While in the hospital Zach brought me an Elle magazine to read, and in it was this great interview with Michelle Williams. She mentioned how the only thing she really remembers about her labor with Matilda is making a pact with herself that she'd never. do this. again. Which was such a breath of fresh air after hearing all the other new celebrity moms claim that their labors had been "so mellow" and easy. Sure, your labor may have been nice and calm but I don't think it does anyone any favors to sugar coat it when it's most likely among the most painful things you'll do in your life.

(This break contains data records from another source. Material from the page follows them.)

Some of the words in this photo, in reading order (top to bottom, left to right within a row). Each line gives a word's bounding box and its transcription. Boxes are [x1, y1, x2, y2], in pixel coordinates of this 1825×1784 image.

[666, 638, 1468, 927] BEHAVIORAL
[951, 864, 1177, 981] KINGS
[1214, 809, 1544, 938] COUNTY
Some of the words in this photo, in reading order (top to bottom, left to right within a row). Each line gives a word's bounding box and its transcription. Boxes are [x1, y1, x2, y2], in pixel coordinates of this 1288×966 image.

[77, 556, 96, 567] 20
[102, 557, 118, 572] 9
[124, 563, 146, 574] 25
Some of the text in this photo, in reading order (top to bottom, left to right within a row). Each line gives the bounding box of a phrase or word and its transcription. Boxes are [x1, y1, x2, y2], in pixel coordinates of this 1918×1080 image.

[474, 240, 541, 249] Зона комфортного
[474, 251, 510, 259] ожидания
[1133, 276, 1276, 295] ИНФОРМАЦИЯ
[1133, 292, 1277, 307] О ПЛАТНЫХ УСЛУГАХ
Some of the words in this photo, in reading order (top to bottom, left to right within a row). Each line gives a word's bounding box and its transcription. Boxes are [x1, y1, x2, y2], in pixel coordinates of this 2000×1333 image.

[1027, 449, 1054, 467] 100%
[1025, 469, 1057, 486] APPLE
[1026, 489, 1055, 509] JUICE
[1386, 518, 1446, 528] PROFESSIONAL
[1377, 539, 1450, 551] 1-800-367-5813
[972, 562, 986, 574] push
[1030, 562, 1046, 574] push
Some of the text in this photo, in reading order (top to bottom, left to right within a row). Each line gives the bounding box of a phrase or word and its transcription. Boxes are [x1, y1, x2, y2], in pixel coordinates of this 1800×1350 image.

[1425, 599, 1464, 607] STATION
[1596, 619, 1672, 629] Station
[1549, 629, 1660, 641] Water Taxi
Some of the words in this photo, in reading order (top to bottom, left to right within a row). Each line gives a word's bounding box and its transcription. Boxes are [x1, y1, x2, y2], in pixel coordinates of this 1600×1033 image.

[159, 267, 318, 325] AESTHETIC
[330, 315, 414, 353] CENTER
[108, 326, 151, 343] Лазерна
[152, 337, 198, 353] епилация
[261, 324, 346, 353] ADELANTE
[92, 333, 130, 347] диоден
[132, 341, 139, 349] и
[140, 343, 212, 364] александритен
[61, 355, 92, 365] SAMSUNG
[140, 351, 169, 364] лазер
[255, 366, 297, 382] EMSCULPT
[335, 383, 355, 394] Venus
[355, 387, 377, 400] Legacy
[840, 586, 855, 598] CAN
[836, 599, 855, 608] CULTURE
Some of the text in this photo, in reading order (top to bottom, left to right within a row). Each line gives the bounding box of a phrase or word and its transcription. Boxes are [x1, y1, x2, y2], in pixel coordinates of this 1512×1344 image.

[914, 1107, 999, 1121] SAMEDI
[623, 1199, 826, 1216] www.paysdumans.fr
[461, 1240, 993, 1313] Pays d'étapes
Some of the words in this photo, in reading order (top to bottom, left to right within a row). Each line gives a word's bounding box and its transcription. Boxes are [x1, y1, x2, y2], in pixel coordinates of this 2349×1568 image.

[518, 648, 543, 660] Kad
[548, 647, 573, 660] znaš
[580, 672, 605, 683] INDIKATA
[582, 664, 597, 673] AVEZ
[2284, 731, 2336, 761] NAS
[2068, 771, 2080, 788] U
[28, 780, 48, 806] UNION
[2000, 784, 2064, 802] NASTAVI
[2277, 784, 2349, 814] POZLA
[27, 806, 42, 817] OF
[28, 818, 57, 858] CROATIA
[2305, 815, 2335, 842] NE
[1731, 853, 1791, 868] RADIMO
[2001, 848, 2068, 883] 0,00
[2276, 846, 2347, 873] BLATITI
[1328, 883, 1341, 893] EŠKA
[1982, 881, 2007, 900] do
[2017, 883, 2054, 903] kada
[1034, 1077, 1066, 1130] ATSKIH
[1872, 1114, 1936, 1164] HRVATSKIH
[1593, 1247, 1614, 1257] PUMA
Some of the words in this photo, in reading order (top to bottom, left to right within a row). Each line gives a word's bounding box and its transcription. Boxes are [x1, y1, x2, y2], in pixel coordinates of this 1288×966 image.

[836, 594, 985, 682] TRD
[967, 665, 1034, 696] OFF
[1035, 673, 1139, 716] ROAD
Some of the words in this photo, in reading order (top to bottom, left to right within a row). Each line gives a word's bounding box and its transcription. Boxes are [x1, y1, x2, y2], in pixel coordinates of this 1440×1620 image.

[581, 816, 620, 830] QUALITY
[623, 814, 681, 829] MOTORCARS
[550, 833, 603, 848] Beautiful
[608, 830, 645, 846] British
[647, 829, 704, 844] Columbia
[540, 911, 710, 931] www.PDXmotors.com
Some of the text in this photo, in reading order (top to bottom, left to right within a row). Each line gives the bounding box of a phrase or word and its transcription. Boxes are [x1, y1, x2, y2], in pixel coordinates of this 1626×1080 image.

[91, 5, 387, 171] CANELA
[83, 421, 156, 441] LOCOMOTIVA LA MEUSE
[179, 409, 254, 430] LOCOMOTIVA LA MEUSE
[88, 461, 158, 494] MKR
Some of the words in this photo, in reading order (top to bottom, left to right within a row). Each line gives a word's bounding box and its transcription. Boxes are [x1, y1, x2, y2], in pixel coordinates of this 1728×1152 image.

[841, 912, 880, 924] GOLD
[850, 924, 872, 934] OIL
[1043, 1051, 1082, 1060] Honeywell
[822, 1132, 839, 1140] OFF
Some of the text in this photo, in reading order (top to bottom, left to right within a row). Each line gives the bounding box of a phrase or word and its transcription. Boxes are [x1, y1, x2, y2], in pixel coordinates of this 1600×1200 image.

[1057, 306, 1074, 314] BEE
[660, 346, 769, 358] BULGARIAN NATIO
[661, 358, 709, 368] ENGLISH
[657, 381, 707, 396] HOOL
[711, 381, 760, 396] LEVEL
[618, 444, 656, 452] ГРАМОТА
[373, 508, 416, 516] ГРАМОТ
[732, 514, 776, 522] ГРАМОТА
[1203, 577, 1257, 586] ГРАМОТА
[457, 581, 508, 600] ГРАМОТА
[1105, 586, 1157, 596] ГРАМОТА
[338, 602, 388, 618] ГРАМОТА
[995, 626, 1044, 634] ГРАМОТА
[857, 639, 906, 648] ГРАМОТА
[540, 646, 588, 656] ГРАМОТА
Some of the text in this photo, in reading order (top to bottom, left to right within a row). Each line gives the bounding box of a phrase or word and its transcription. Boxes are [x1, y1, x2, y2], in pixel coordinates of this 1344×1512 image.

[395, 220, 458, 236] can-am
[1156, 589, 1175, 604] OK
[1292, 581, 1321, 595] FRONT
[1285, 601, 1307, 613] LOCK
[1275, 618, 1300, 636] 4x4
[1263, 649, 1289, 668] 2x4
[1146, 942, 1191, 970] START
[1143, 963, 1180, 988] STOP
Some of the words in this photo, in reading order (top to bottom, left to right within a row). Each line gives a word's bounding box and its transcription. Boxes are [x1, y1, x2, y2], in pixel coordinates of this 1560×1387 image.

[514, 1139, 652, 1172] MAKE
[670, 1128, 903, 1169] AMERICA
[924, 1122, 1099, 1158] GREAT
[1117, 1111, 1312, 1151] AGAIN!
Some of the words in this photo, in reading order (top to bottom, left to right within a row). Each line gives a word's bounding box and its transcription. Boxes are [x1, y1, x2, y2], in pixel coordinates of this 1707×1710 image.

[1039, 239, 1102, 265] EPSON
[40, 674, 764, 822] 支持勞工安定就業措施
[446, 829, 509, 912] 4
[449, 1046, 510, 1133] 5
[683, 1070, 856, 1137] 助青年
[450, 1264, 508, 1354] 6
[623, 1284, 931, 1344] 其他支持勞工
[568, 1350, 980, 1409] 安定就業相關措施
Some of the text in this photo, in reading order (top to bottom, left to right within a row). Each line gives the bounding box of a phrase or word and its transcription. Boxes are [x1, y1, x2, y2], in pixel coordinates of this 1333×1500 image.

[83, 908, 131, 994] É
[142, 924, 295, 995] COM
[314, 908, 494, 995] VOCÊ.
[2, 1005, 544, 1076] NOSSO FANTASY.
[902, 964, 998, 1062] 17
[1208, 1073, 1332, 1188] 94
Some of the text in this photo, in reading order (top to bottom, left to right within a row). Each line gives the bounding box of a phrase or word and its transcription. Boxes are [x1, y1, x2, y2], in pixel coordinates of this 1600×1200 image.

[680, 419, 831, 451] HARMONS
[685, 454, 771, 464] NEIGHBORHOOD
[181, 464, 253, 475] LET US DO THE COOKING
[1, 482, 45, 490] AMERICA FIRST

I sometimes worry that I might scare pregnant friends who read my blog when I write posts about the not-so-fun parts of early motherhood. I hope not to cause too much anxiety, but at the same time I also do think it's important to tell it like it is. I had lots of experience with babies in the past and I still felt completely clueless when it came time to take D home and actually take care of him, and I think it's good to acknowledge that, yes, this sucks a lot of the time, and no, you won't get hardly any sleep, and if you're breastfeeding your boobs and nipples will hurt for at least a few weeks and you'll feel trapped at knowing that this little being depends on you (and only you) for nourishment every 2-3 hrs. But then you'll start getting the hang of it, and you'll feel more competent, and then your kid starts doing really cute stuff like kicking their legs around and smiling and making noises, and that helps carry you through the stuff that still kinda sucks, and, well, it's just all one big adventure, right? One in which some of the best help I've gotten has been reading other mom's stories of going through the same things I'm going through, or even just a few simple "Hey, I've been there, and it DOES get better!" Hopefully I can help other new moms in the same way.


  1. that is right Marcy ! it only gets better and better!!!
    Enjoy D - he is such a cutie - love that dimple :)

  2. Anonymous7:22 PM

    If anyone doesn't want to read about the "less fun" parts of motherhood, then they can go elsewhere for their blogging fix.

    No one prepares you for motherhood. You are part of an online community that amazes me. I love reading the comments other moms leave on your blog (on the "happy" posts and the "not so happy" ones). They make me feel better, and I'm not even the one going through it! I know you have friends helping you through this insane adventure, whether they live in town or not. Usually new moms learn from their moms, but your mom and mom-in-law live too far away to be a constant resource - also, times change. The best way to do it might not be the way your one mom did it, and all babies are different. You're getting all sorts of info and opinions from all sorts of moms - this is your village, helping you raise D and helping raise you, as a new mom.

    With your blog posts - honest, "happy" and not so much - you become part of that village, helping to raise other babies, and their moms.